WHAT IS EXPECTED:
Write out the whole listing exactly; no images belong in it.

● ● ● ● ●

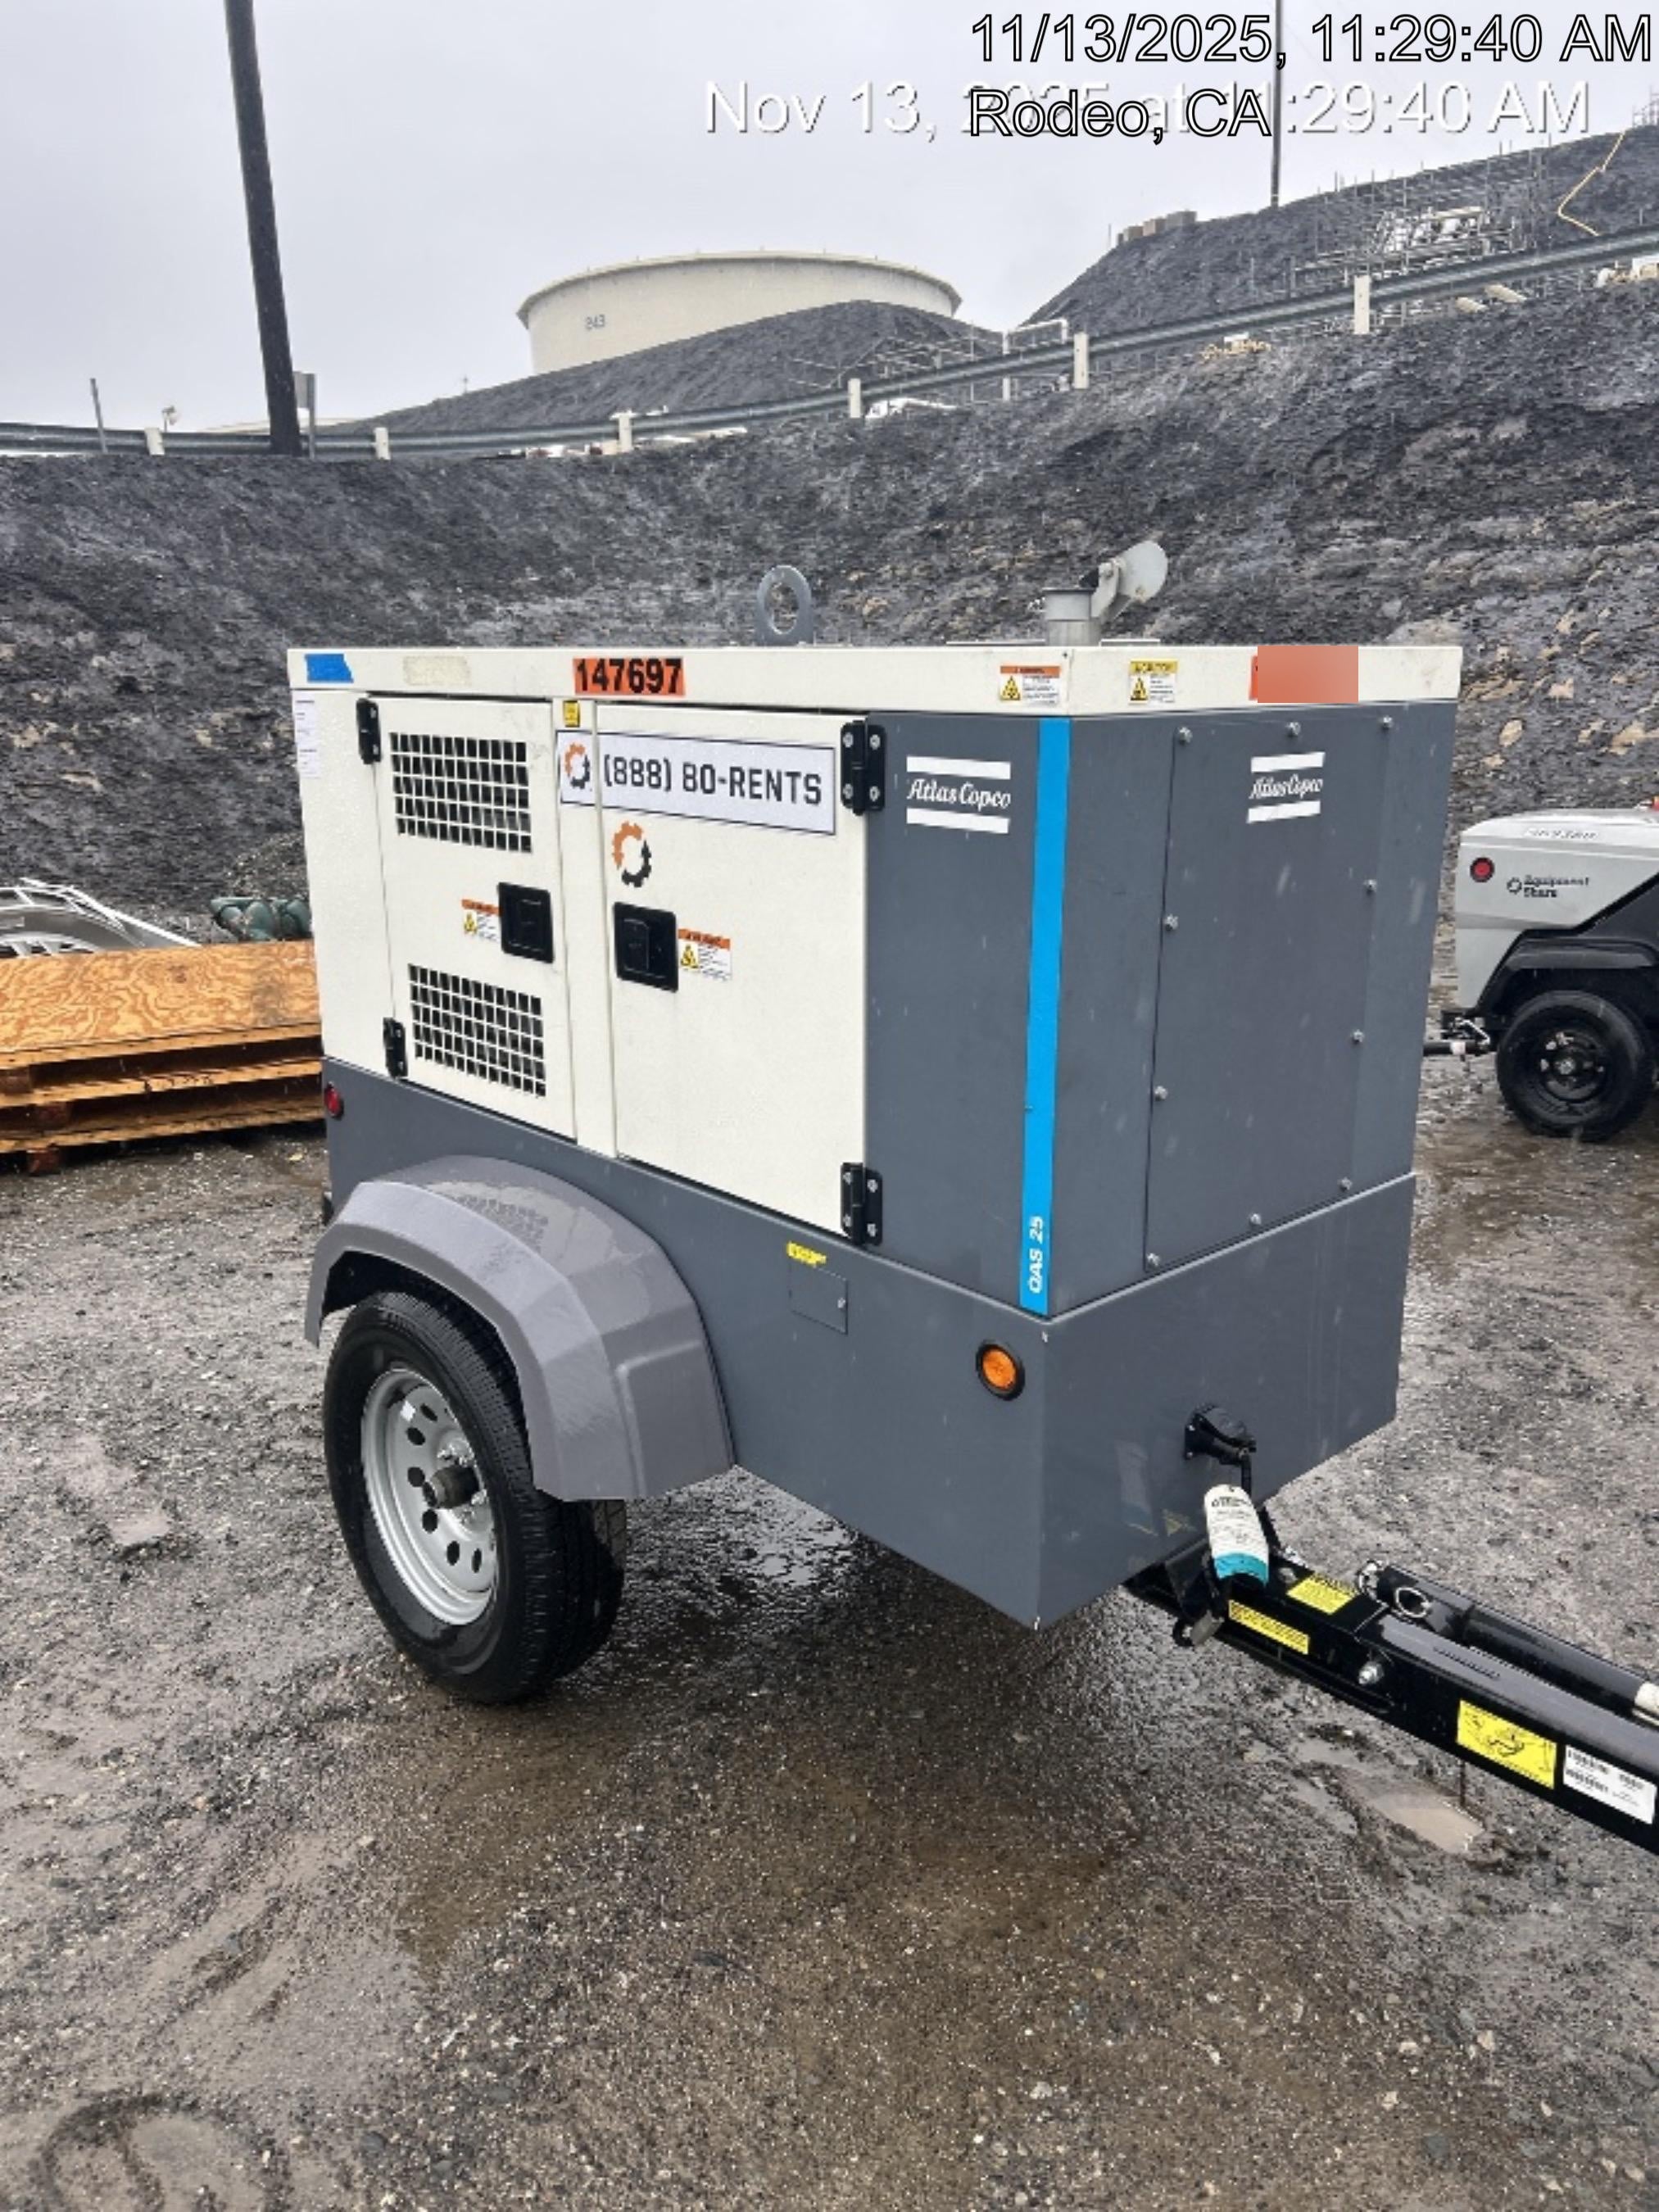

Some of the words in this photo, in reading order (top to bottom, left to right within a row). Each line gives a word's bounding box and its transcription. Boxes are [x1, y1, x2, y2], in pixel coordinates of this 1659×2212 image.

[576, 658, 682, 694] 147697
[603, 753, 672, 792] (888)
[906, 777, 957, 805] Atlas
[959, 782, 1012, 812] Copco
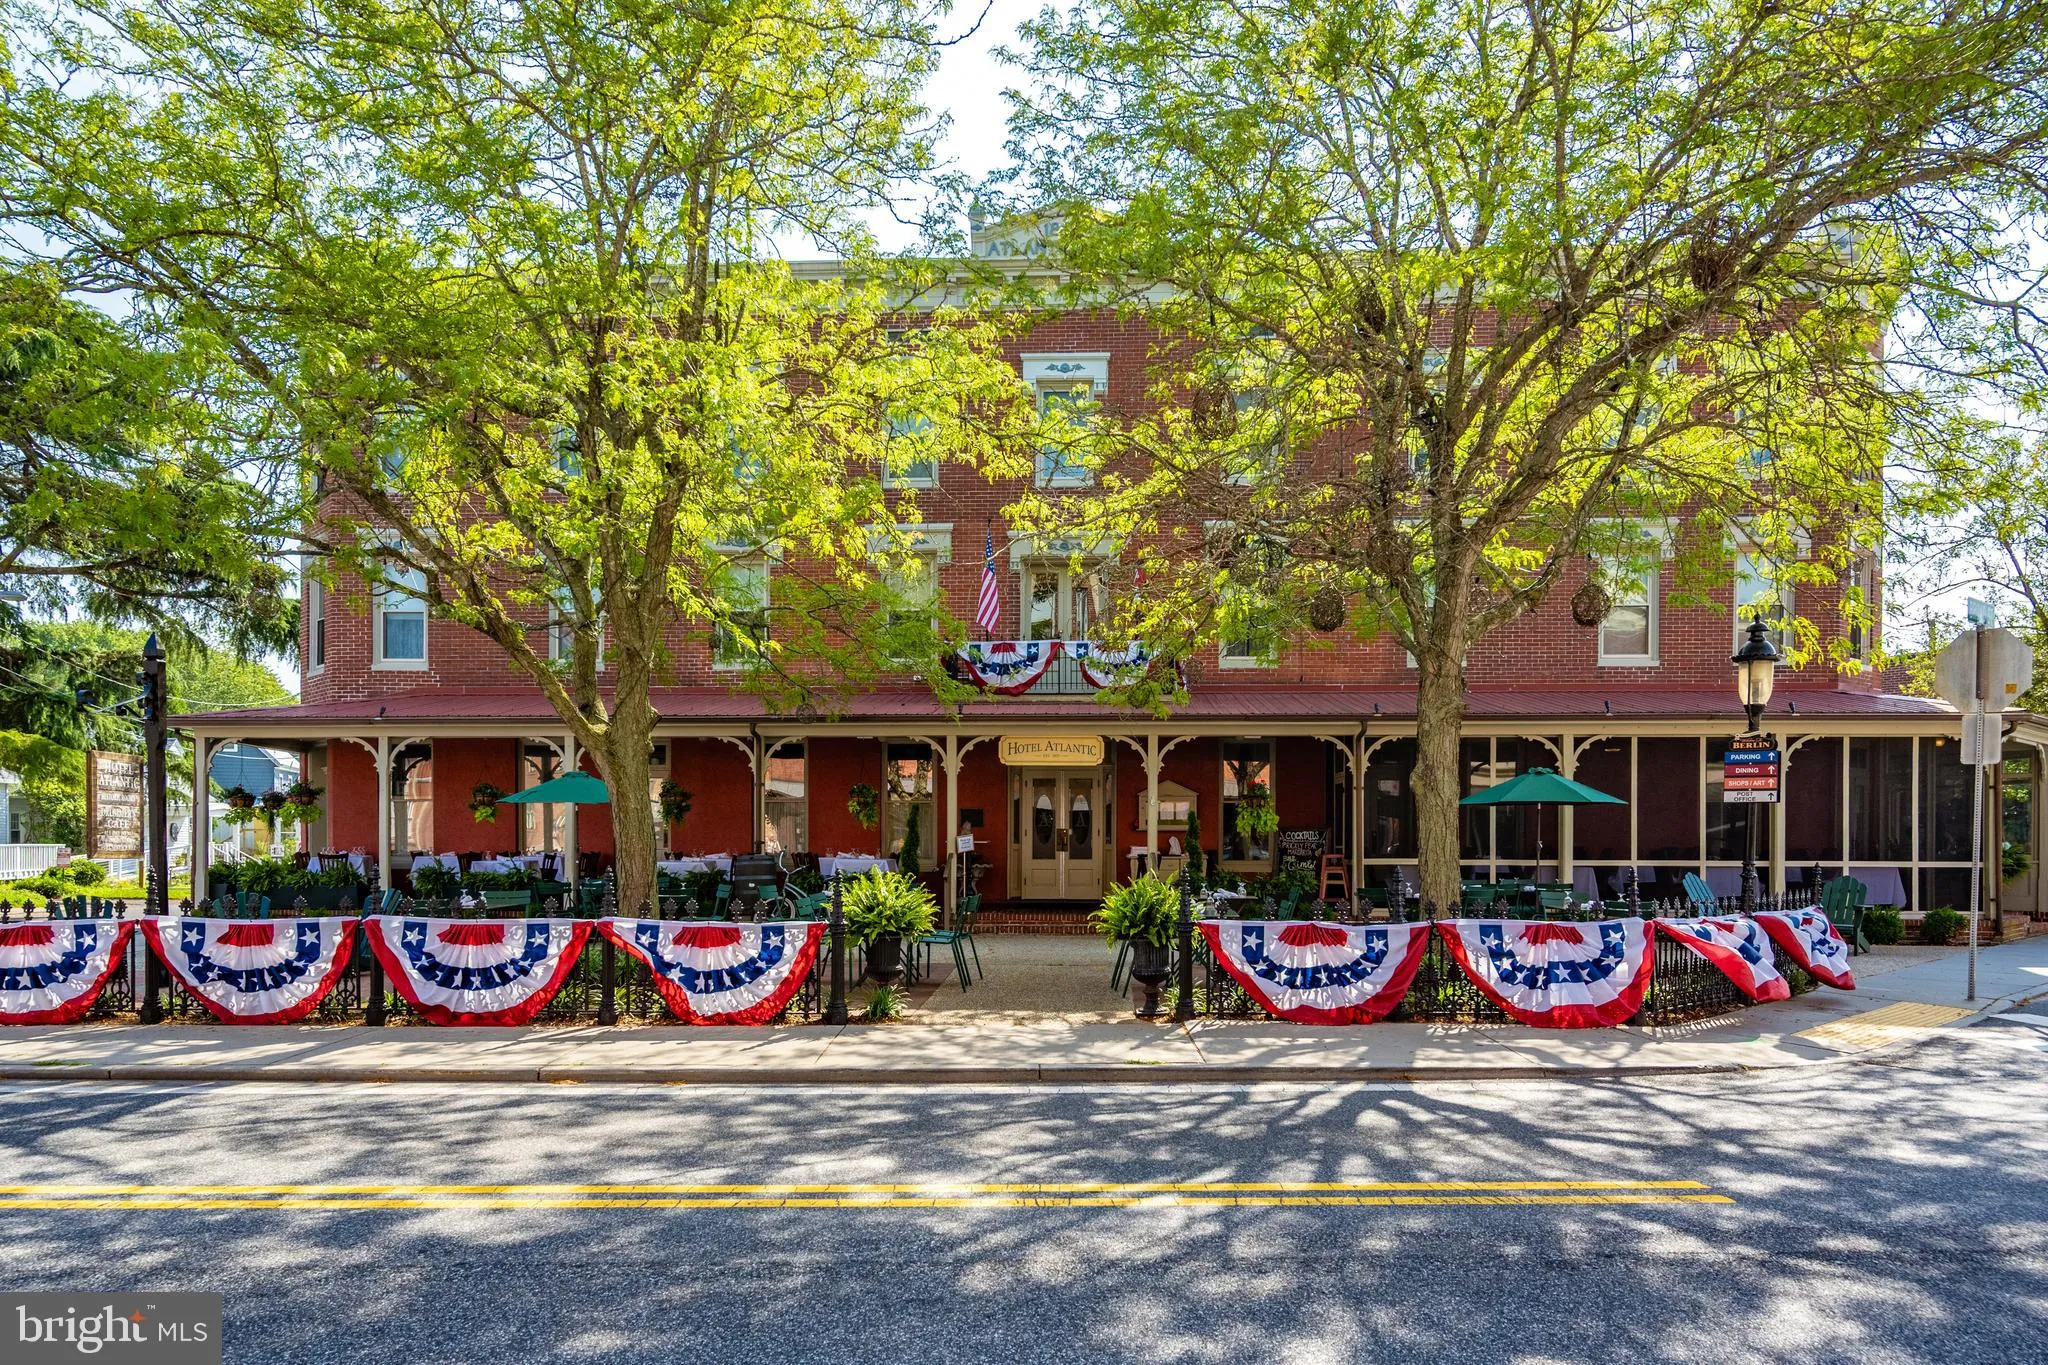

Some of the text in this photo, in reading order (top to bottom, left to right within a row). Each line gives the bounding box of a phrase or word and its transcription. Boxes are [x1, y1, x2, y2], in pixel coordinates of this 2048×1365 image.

[1732, 741, 1770, 749] BERLIN
[104, 761, 133, 775] HOTEL
[99, 774, 141, 789] ATLANTIC
[1285, 831, 1319, 840] COCKTAILS

● ● ● ● ●

EXPECTED OUTPUT:
Some of the words in this photo, in reading order (top to bottom, left to right within a row). Each line gives a word's bounding box and its transcription. Boxes are [x1, y1, x2, y2], in pixel coordinates of this 1659×2212 image.

[576, 658, 682, 694] 147697
[603, 753, 672, 792] (888)
[906, 777, 957, 805] Atlas
[959, 782, 1012, 812] Copco

Some of the text in this photo, in reading order (top to bottom, left to right within a row). Each line gives the bounding box of a phrase or word and its transcription. Boxes are [x1, y1, x2, y2], in pixel coordinates of this 2048×1365 image.

[1732, 741, 1770, 749] BERLIN
[104, 761, 133, 775] HOTEL
[99, 774, 141, 789] ATLANTIC
[1285, 831, 1319, 840] COCKTAILS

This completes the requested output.